Therefore, I maintain that our true policy is to meet this issue in limine; and I hope it will be done. If we can maintain our personal safety, let us hold on to the present government; if not, we must take care of ourselves at all hazards. I think this is the feeling that prevails in North Carolina. I have spoken of there being two parties there, but I may say to you, Mr. President, that that party which is for immediate action, is gaining strength rapidly. I do not believe there has been a meeting yet held in the State where there was a collision of opinion, that ultra resolutions have not been adopted. This feeling is not confined to either of the political parties which made a struggle there in the late elections. The current of resistance is running rapidly over the South. It is idle for men to shut their eyes to consequences like these. If anything can be done to avert the evil, let those who have the power do it. I will not now detain the Senate longer.
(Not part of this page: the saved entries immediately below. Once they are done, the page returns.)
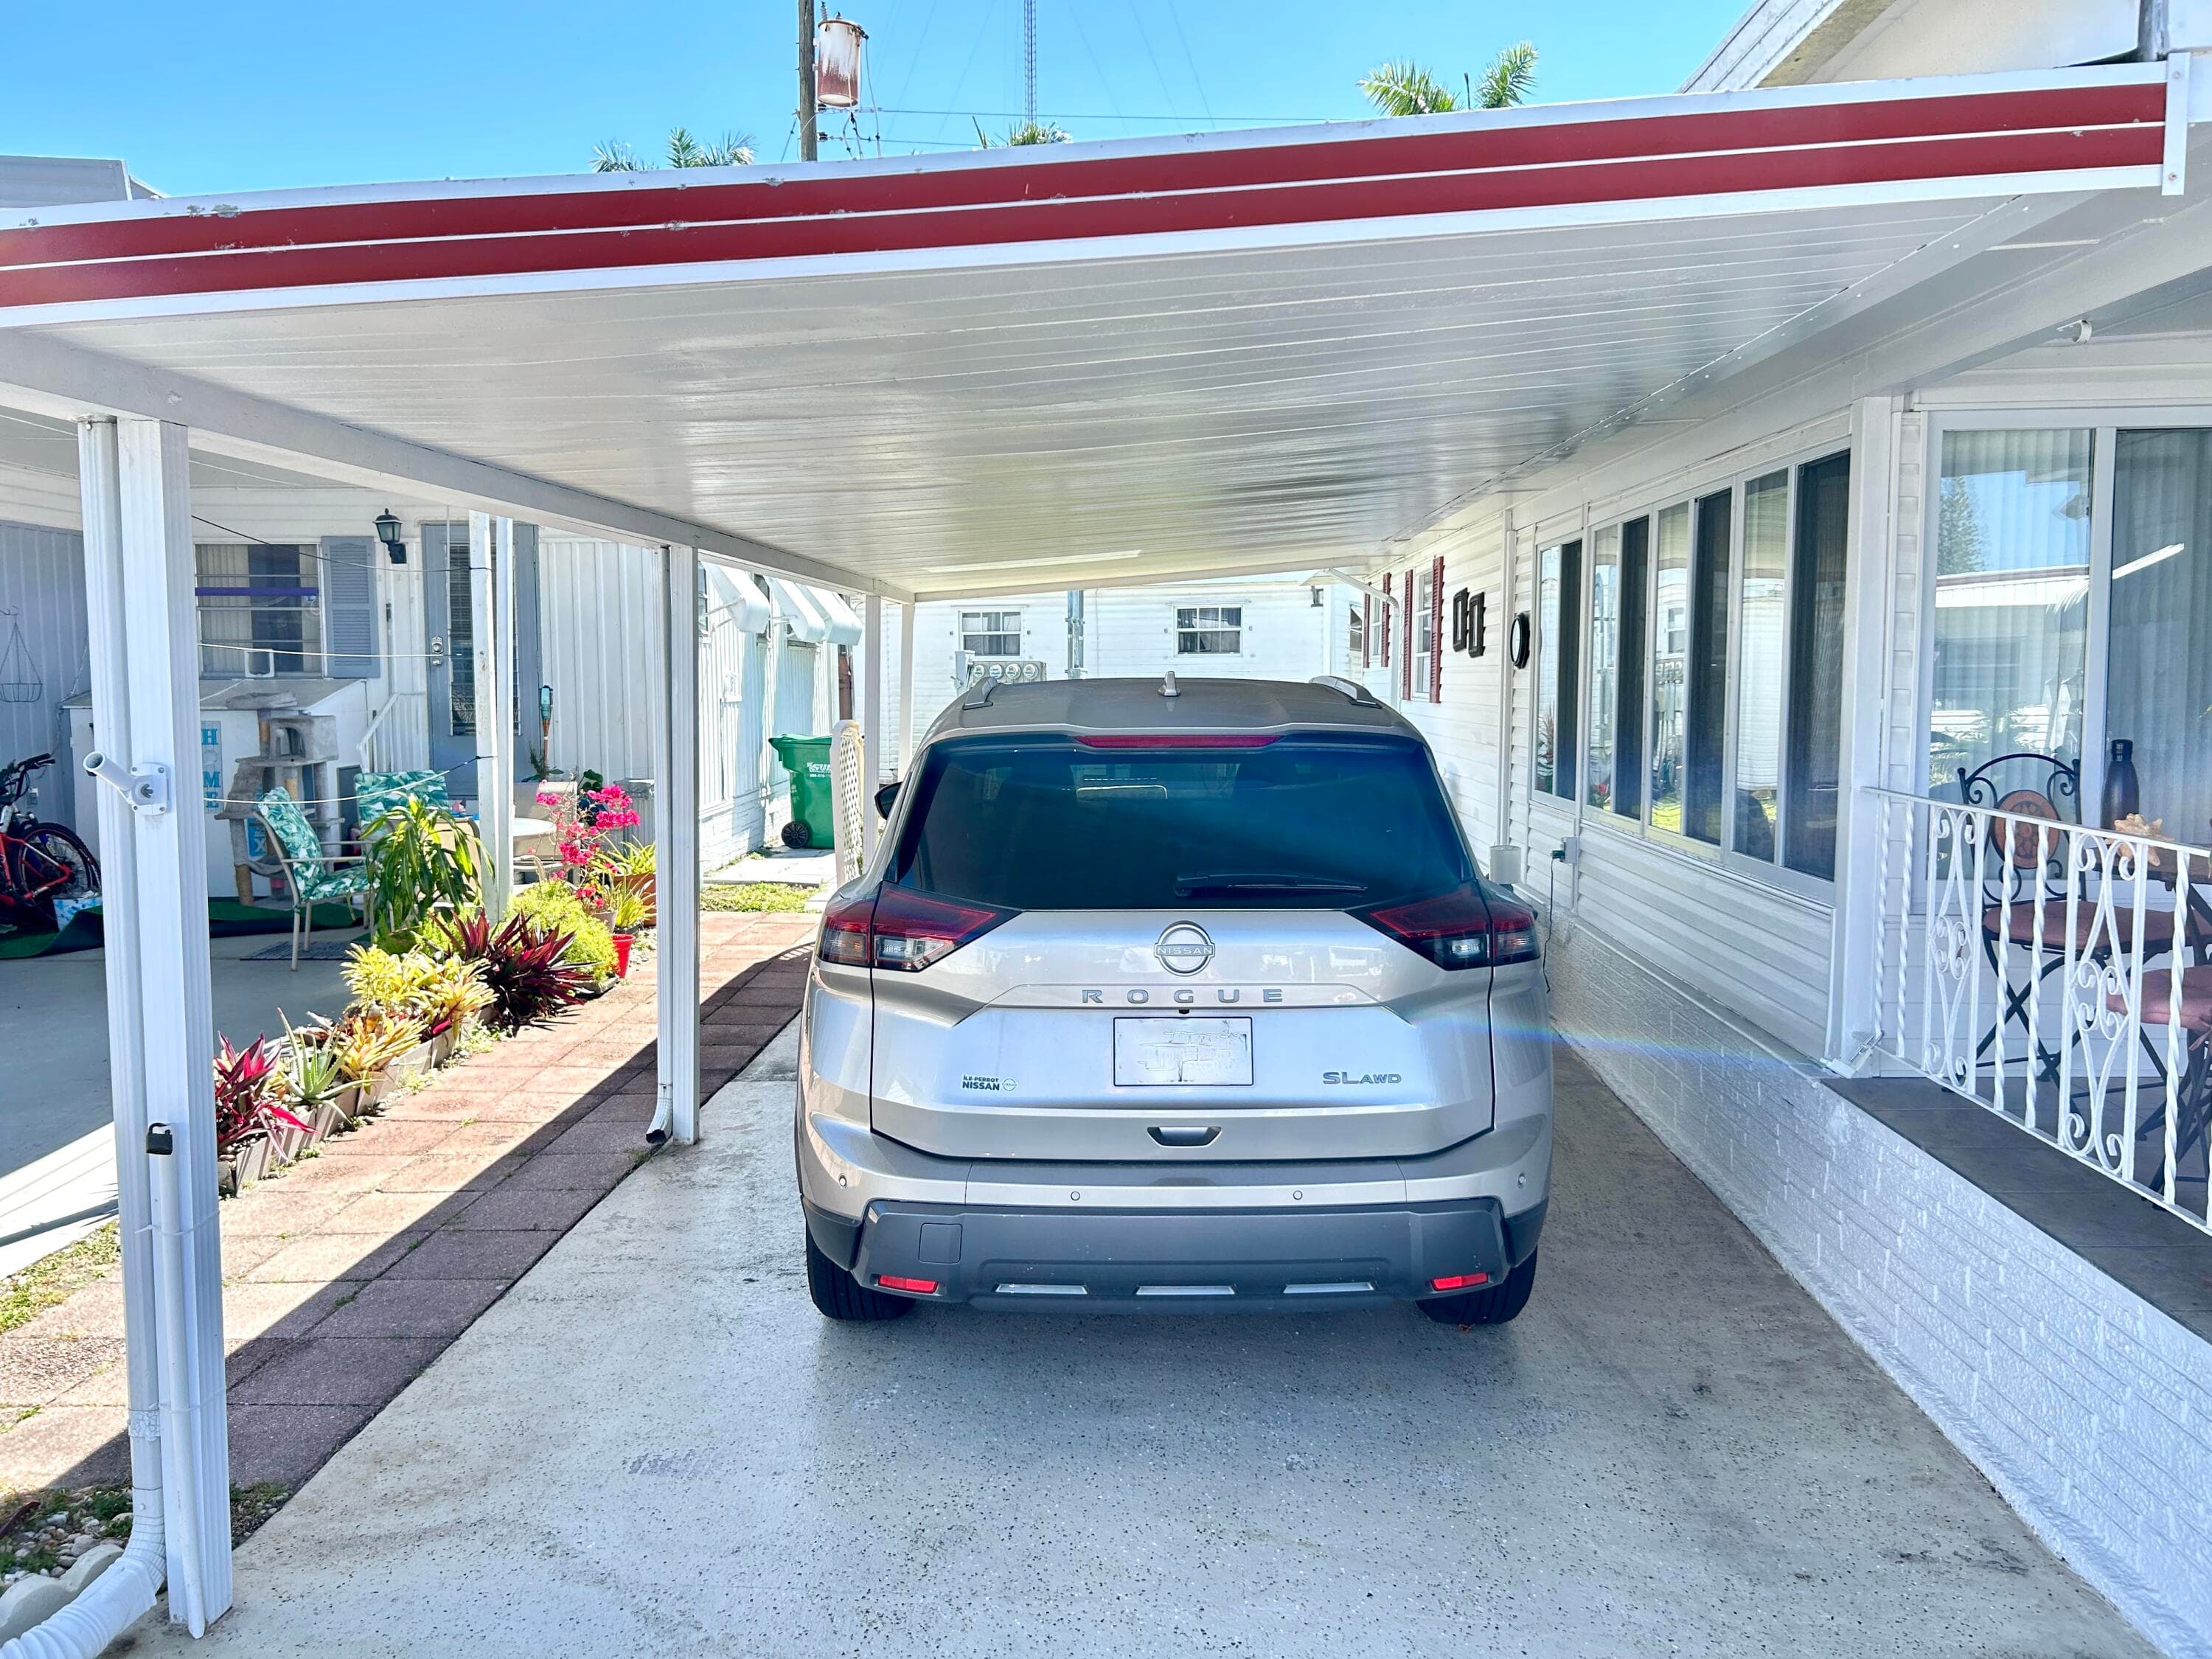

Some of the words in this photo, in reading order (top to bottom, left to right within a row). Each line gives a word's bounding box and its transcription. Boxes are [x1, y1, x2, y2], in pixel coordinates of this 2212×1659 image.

[1157, 947, 1213, 956] NISSAN
[1082, 990, 1283, 1004] ROGUE
[1359, 1074, 1402, 1084] AWD
[961, 1081, 1000, 1091] NISSAN
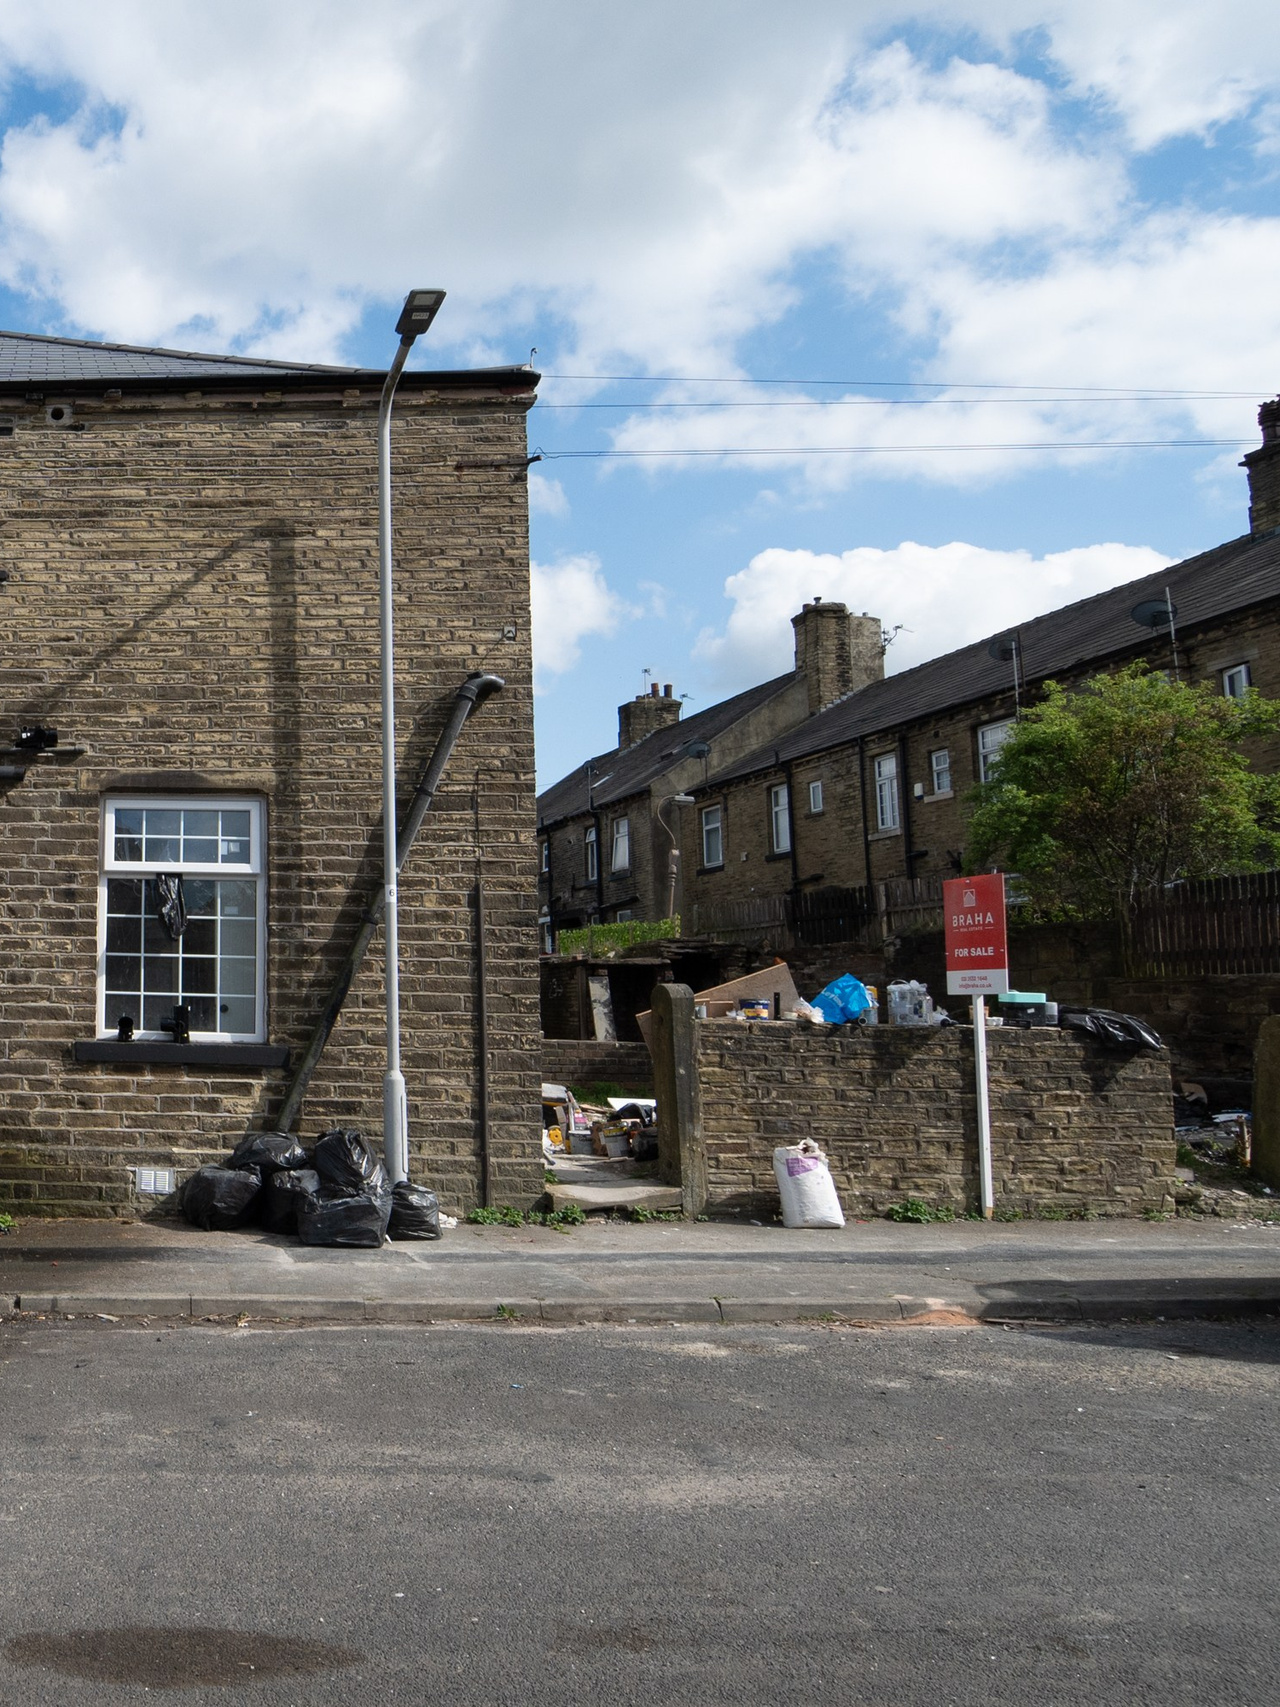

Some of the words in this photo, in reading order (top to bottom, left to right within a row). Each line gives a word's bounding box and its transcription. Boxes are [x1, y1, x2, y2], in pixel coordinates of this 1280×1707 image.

[389, 889, 395, 897] 6
[952, 912, 994, 927] BRAHA
[954, 948, 969, 957] FOR
[970, 947, 994, 956] SALE
Mr. Crittenden. Mr. President, I regret that the honorable Senator from North Carolina has thought proper to make the speech which he has just addressed to the Senate. I did hope that we had all come together upon this occasion duly impressed with the solemnity of the business that would devolve upon us, duly impressed with the great dangers that were impending over our country, and especially with those dangers which threaten the existence of our Union. That was the temper in which I hoped we were now assembled. I hope this debate will proceed no further. The gentleman has hardly uttered a sentiment or an opinion in which I do not disagree with him-hardly

one, sir. I have hopes of the preservation of that Union under which I have so long lived; I have hopes that that Union which was the glory of our fathers will not become the shame of their children. But I rise here now, sir, not for the purpose of making a speech, and I intend to stick to my purpose. I wish the gentleman had stuck to his when he said he rose not to make a speech. I rise here to express the hope, and that alone, that the bad example of the gentleman will not be followed, and that we shall not allow ourselves now to be involved in an angry debate. We had better not have come here at all if that is our purpose. If we have not come here to give a deliberate and a solemn consideration to the grave questions are thrust upon us, we are not fit for the places which we occupy. This Union was established by great sacrifices; this Union is worthy of great sacrifices and great concessions for its maintenance; and I trust there is not a Senator here who is not willing to yield and to compromise much in order to preserve the government and the Union of the country.

I look forward with dismay and with something like despair to the condition of this country when the Union shall be stricken down, and we shall be turned loose again to speculate on the policies and on the foundation upon which we are to establish governments. I look at it, sir,,with a fear and trembling that predispose me to the most solemn considerations that I am possibly capable of feeling, to search out if it be possible, some means for the reconciliation of all the different sections and members of that Union, and see if we cannot again restore that harmony and that fraternity and that Union which once existed in this country, and which gave so much of blessing and so much of benefit to us all. I hope we shall not now engage in any irritating or angry debate. Our duties require of us very different dispositions of mind; and I trust none of us will allow ourselves to be irritated or provoked, or through any inadvertance involved in any angry or irritating discussions now. Calm consideration is demanded of us; a solemn duty is to be performed; not invectives to be pronounced; not passions to be aroused; not wrongs to be detailed and aggravated over and over again. Let us look to the future; let us look to the present only to see what are the dangers and what are remedies; and to appeal, for the adoption of these remedies, to the good feeling of every portion of this House. It is in that way only that we can arrive at a peaceable and satisfactory conclusion.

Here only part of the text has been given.